Park Hotels & Resorts is a real estate investment trust (REIT) focused on hotel properties, based in Tysons, Virginia. It was formed in 2017 as a spin-off from Hilton Worldwide.

History
Hilton Worldwide CEO Christopher Nassetta stated in June 2015 that the company was evaluating a corporate spin-off of a REIT to hold its $13-billion real estate portfolio. The plan was part of Nassetta's strategy of moving Hilton to an "asset-light" business model, to enable rapid international growth. It was also meant to take advantage of the lack of corporate income taxes on REITs. Hilton announced definitive plans in February 2016 to spin off a REIT (Park Hotels & Resorts) and its timeshare business (Hilton Grand Vacations) as separate companies. The spin-offs were completed on January 4, 2017. Park Hotels became the second-largest publicly traded hotel REIT, with holdings of 67 hotels.

In 2018, Park Hotels sold 13 hotels that it considered "non-core" assets, including 10 of its 14 international properties, for a total of $519 million.

HNA Group, which had owned 25 percent of the company, sold all its shares in March 2018 in a stock buyback and a secondary offering for a total of $1.4 billion.

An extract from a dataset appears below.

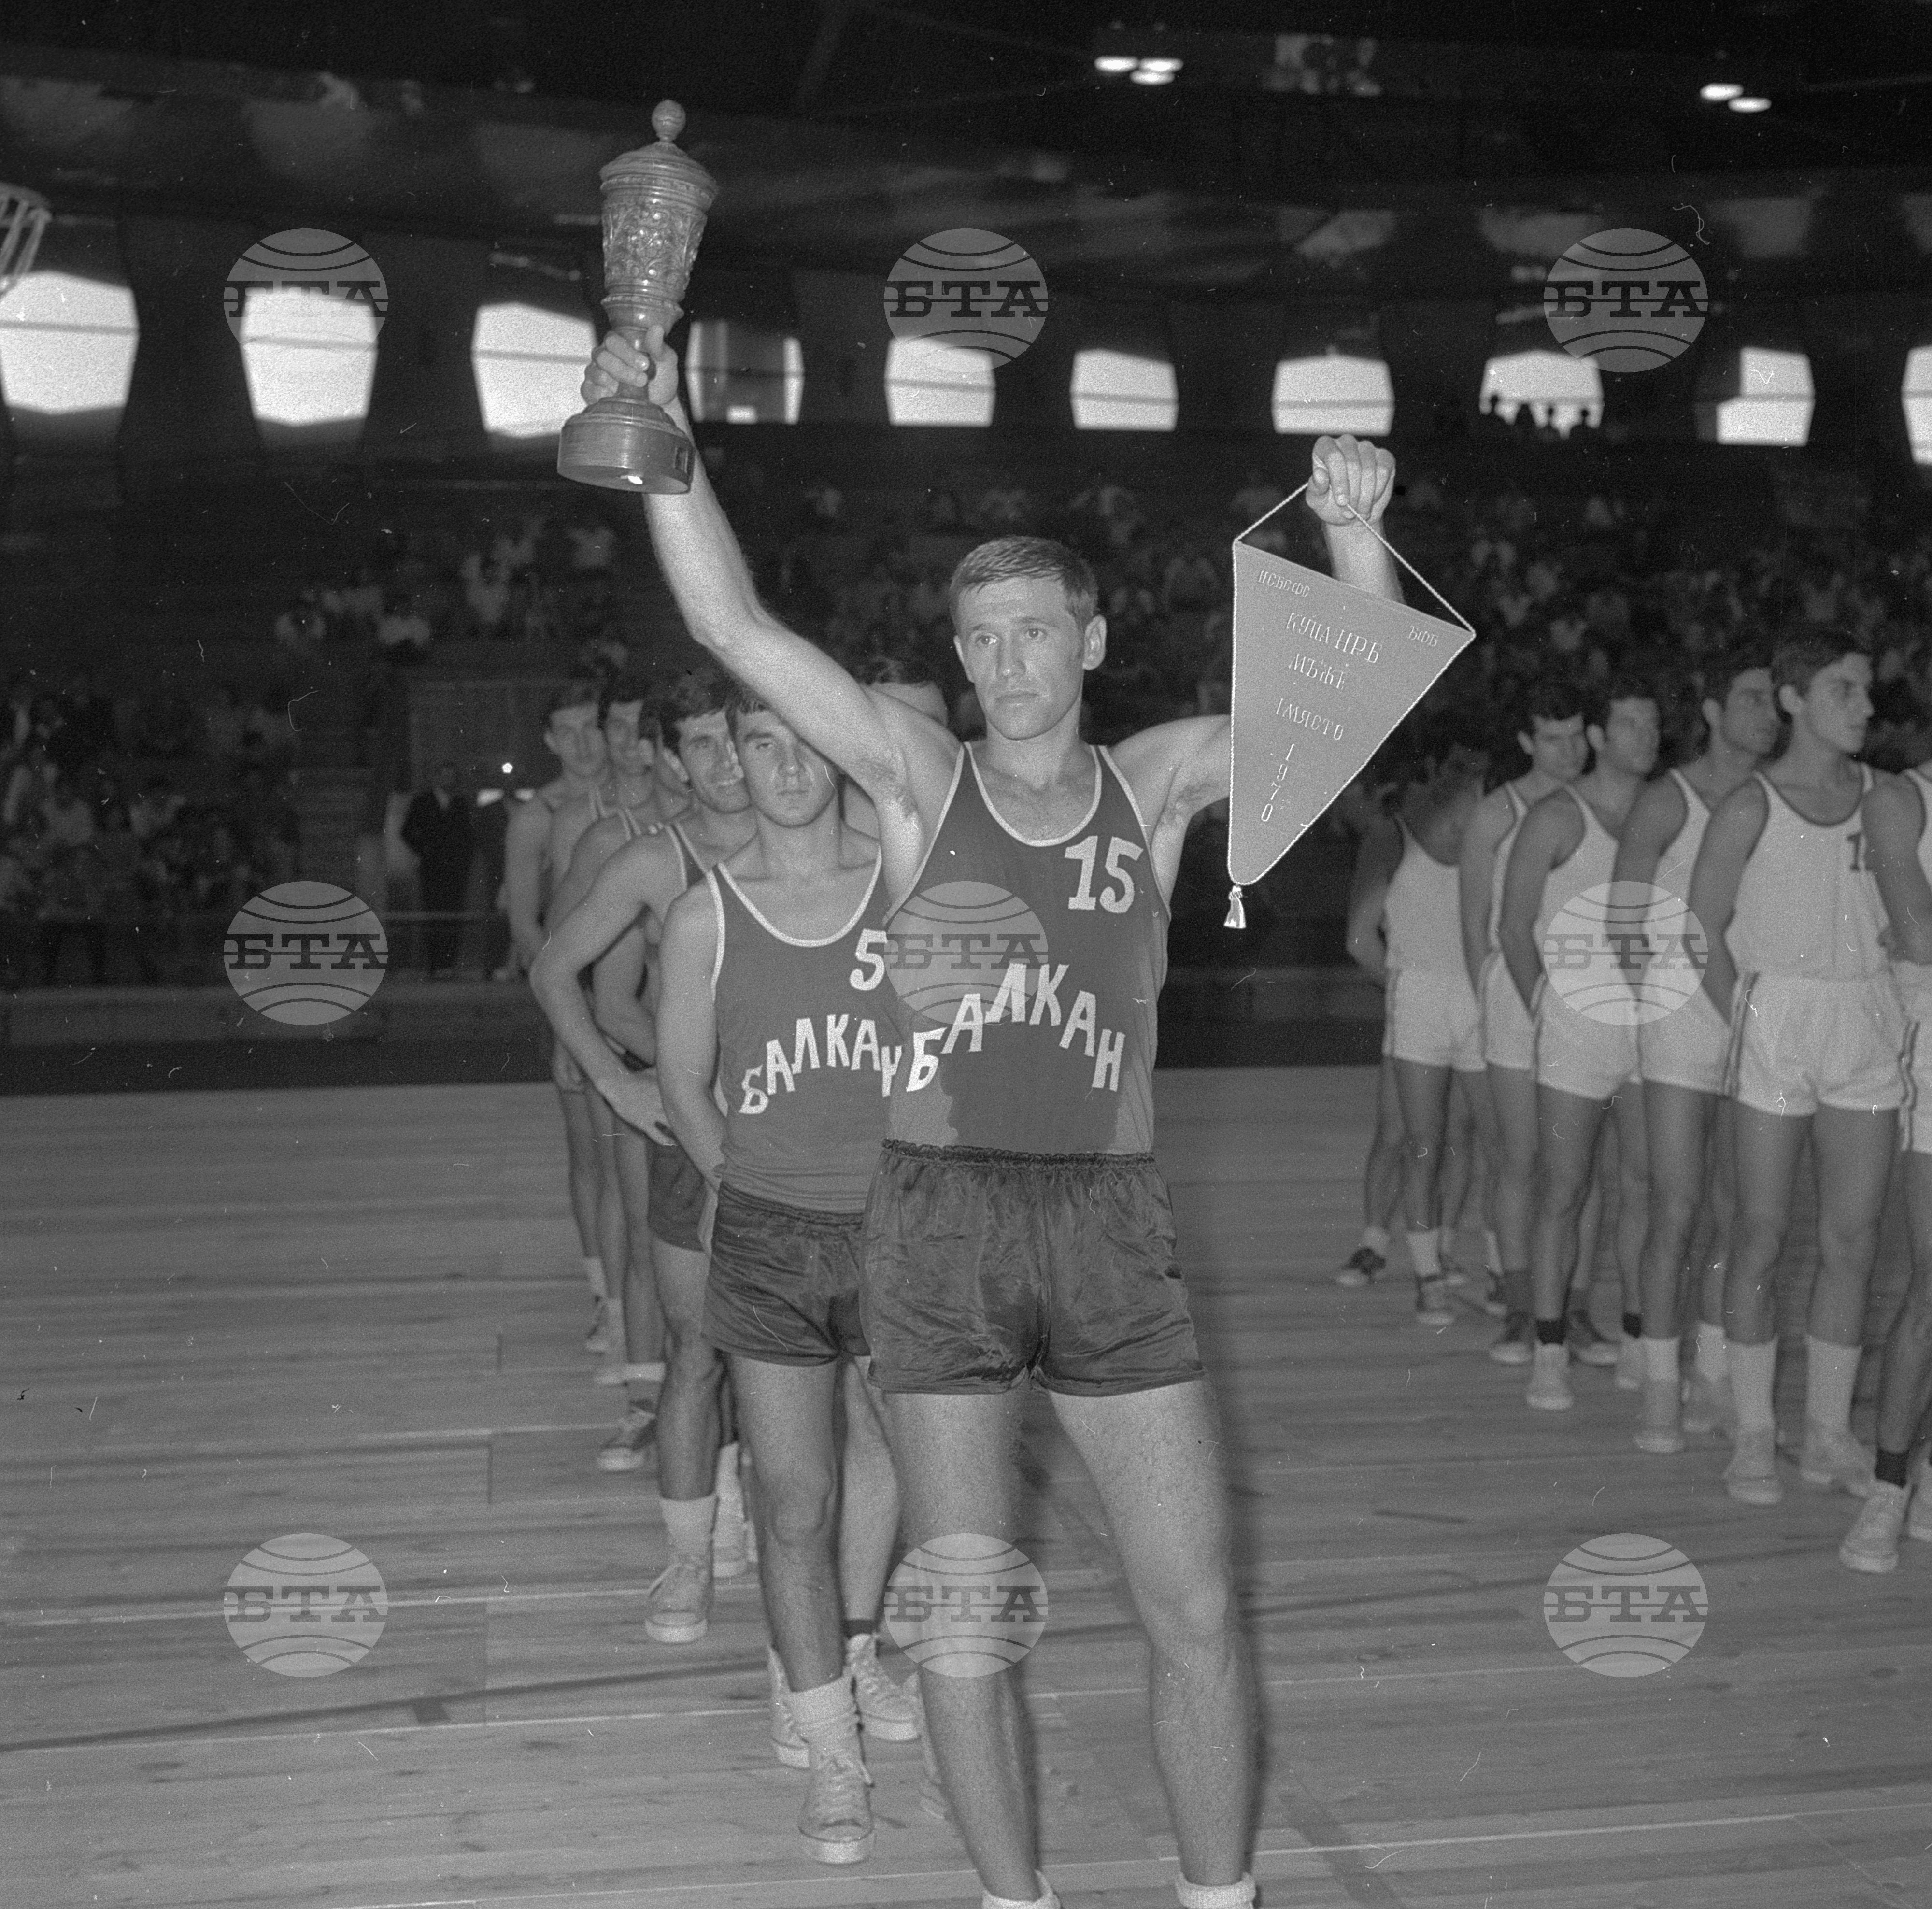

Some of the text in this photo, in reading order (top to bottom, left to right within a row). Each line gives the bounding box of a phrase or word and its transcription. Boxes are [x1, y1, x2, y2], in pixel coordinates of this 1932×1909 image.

In 2019, Park acquired Chesapeake Lodging Trust for $1 billion in cash plus $978 million in stock. The purchase added eighteen hotels to Park's portfolio, and diversified it by adding hotel brands franchised from Marriott, Hyatt, and others.

The company sold another 10 hotels in 2019 and 2020, including its last remaining properties outside of the United States, for total proceeds of $688 million. Another 5 hotels were sold in 2021 for proceeds of $477 million, producing a net loss of $5 million on these properties. Four more properties were sold in 2022 for a total of $260 million, as part of the company's long-term deleveraging plan.

Properties
Park Hotels & Resorts has whole or partial ownership of 50 hotels, containing 30,000 rooms. The bulk of the hotels operate under brands licensed from Hilton Worldwide, including Hilton, DoubleTree, and Embassy Suites. Park Hotels manages four of the properties itself; the remainder are managed by other companies, most of them by Hilton Worldwide.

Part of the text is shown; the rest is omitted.